Então, por não ter nem mínima densidade, a "doutrina da santa maria" força
por obter lastro na doutrina daimista – em função de ação institucional incessante,
com este intuito –, turvando a compreensão sobre os claros ensinamentos de
mestre Irineu e multiplicando conceitos vagos e panteístas304 como "o espírito da
planta"…
Parte significativa dos irmãos que serviam no Alto Santo passara a servir na
"Colônia 5.000" a partir de 1975305, após o rompimento do velho Mota com a
direção do Alto Santo, por reconhecimento ao brilho e profundidade espirituais de
Sebastião Mota de Melo e de seu primeiro hinário ainda em formação, "O
Justiceiro", todo ele de devoção a Deus e de gratidão e respeito a mestre Irineu.
A seguir, porém, após a opção pelo uso da maconha em serviços espirituais com
daime, que gerou o afastamento de muitos dos que o seguiram no início, em 1977
ocorreu o episódio mais obscuro da história de Sebastião Mota de Melo, o qual, em
meu entender, estabelece o início do seu desnorteamento espiritual307: o "duelo
astral"308 com um "pai–de–santo" apelidado por "Ceará" e sua omissão pessoal
na castração e no assassinato deste homem, no correr dos acontecimentos, por
moradores da "Colônia 5.000".
A menção a este episódio não deve ser entendido aqui como denúncia, pois é
fato público largamente noticiado na imprensa após ter originado uma ação
penal309: seu entendimento é crucial pelo grave desvio doutrinário que encerra,
pois "quando o mal é denunciado e acusado, tende a reagir recorrendo às armas.

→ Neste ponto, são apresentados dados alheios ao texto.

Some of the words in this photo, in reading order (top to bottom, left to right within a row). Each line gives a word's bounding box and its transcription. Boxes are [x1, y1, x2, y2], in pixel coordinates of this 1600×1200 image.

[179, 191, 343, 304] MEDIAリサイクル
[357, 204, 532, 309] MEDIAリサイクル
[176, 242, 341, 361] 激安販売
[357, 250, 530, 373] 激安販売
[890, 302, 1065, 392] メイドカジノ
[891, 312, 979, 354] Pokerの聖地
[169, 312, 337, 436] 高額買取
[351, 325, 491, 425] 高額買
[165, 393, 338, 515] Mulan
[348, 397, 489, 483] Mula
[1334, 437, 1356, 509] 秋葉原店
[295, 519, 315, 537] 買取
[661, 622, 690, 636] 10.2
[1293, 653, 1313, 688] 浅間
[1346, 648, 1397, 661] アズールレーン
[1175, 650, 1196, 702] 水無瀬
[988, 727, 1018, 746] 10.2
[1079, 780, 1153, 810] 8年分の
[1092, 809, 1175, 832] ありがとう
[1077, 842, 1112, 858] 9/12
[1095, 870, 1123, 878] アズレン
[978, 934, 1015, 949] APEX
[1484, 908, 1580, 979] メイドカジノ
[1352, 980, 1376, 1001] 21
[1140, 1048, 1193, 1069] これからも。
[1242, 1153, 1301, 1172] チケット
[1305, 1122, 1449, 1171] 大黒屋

Se lhe fazemos o favor de responder golpe por golpe, ao final sairemos perdendo,
pois seremos envolvidos por ódio e paixão. Por isto é necessário começarmos por
nós mesmos, evitando cometer os erros que censuramos"310.
Como ensinou nosso Senhor, Jesus Cristo, "assim vos tratará meu Pai celeste,
se cada um de vós não perdoar a seu irmão do fundo do coração"311.

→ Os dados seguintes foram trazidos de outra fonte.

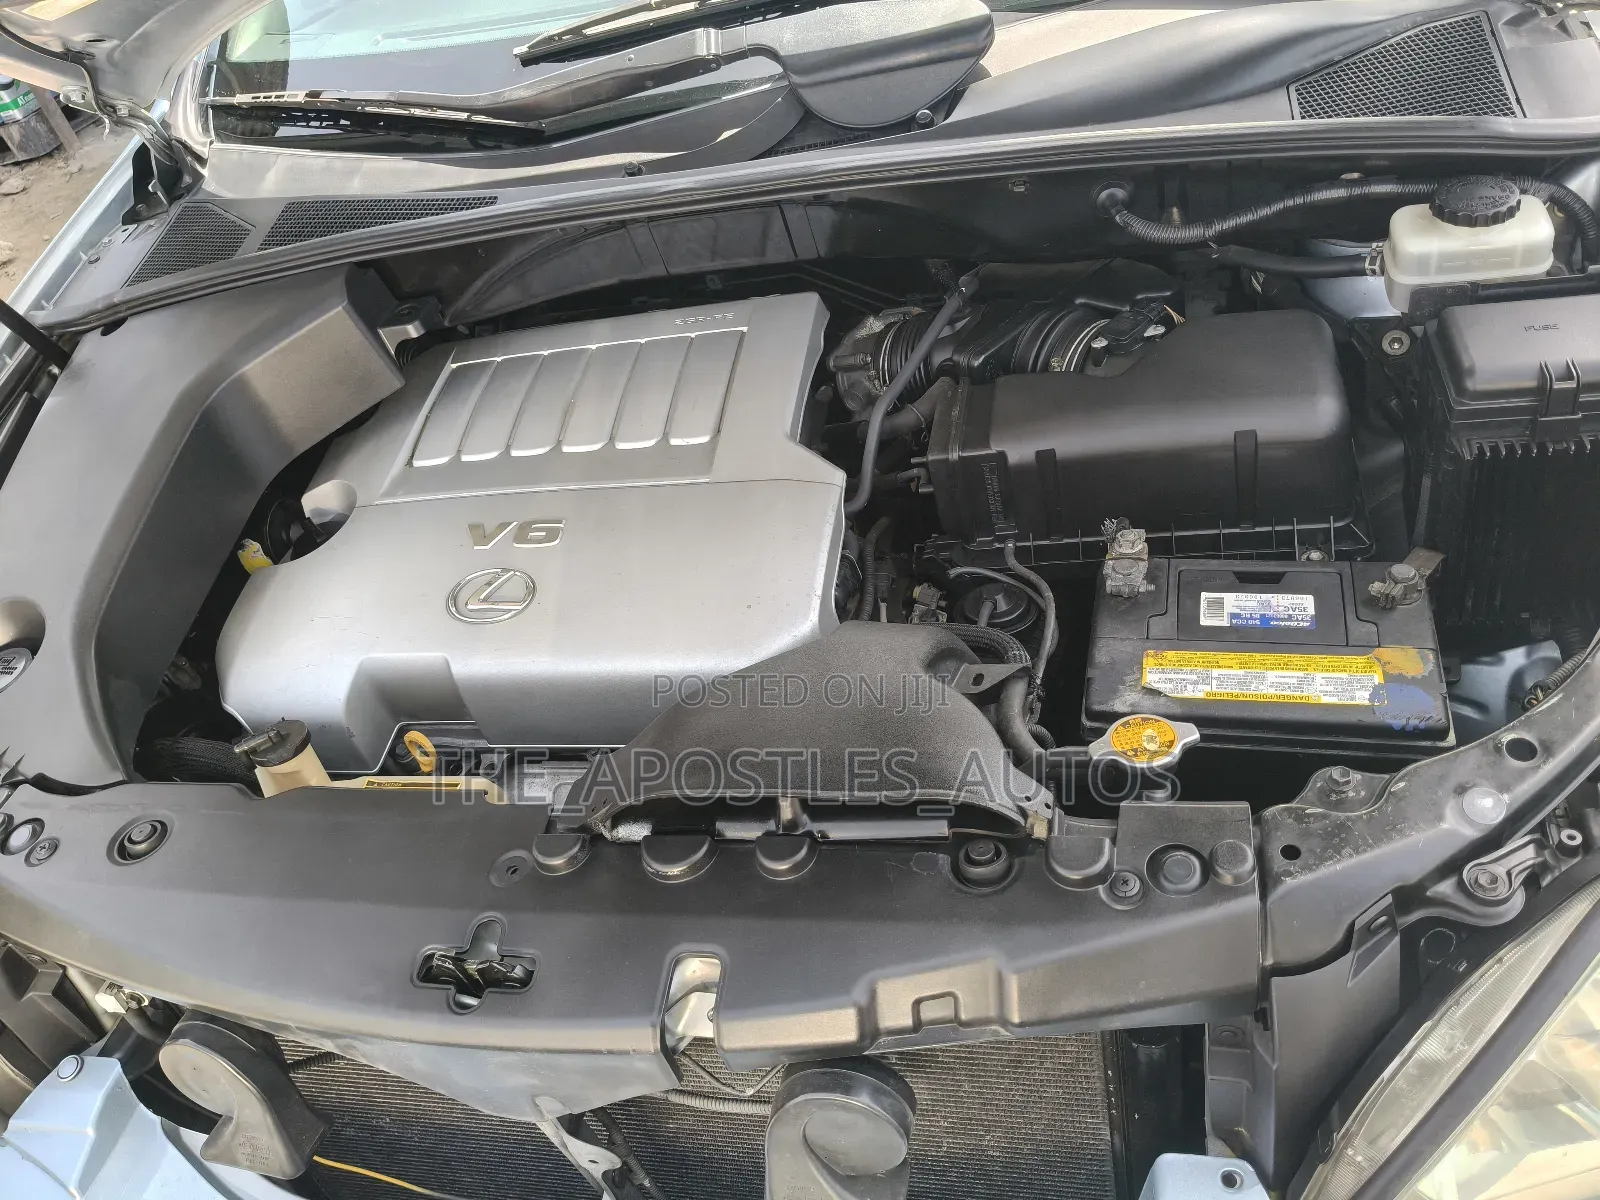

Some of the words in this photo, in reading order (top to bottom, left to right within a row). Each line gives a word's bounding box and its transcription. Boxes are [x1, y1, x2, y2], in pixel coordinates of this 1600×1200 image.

[1523, 323, 1560, 332] FUSE
[467, 519, 567, 550] V6
[1283, 605, 1309, 613] 35AC
[1291, 613, 1312, 621] 35AC
[1205, 691, 1310, 702] DANGER/POISON/PELIGRO

E como mestre Irineu poderia ter dito, "segundo a graça que Deus me deu,
como bom arquiteto lancei o fundamento, um outro constrói em cima. Mas tome
cada um cuidado com sua maneira de construir. Quanto ao fundamento, ninguém
pode lançar outro que não seja o já posto: Jesus Cristo"312.
Então, a partir de 1981, quando ele já estava no meio da mata bruta, abrindo o
seringal "Rio do Ouro" (de cujas terras foi obrigado a sair em 1983, indo adiante e
terminando por instalar o "Céu do Mapiá" já no Estado do Amazonas), e a "Colônia
5.000" se reduzira gradualmente de 380 hectares – originalmente doados para a
utopia comunitária por 43 famílias – para apenas 50 hectares316, agora sob o
comando de Wilson Carneiro de Souza e seu filho, Raimundo Nonato Teixeira, os
centros de serviço espiritual que adotavam sua orientação se espraiaram feito
"movimento religioso–ecológico"317 ou "modalidade de cultura eco–religiosa"318.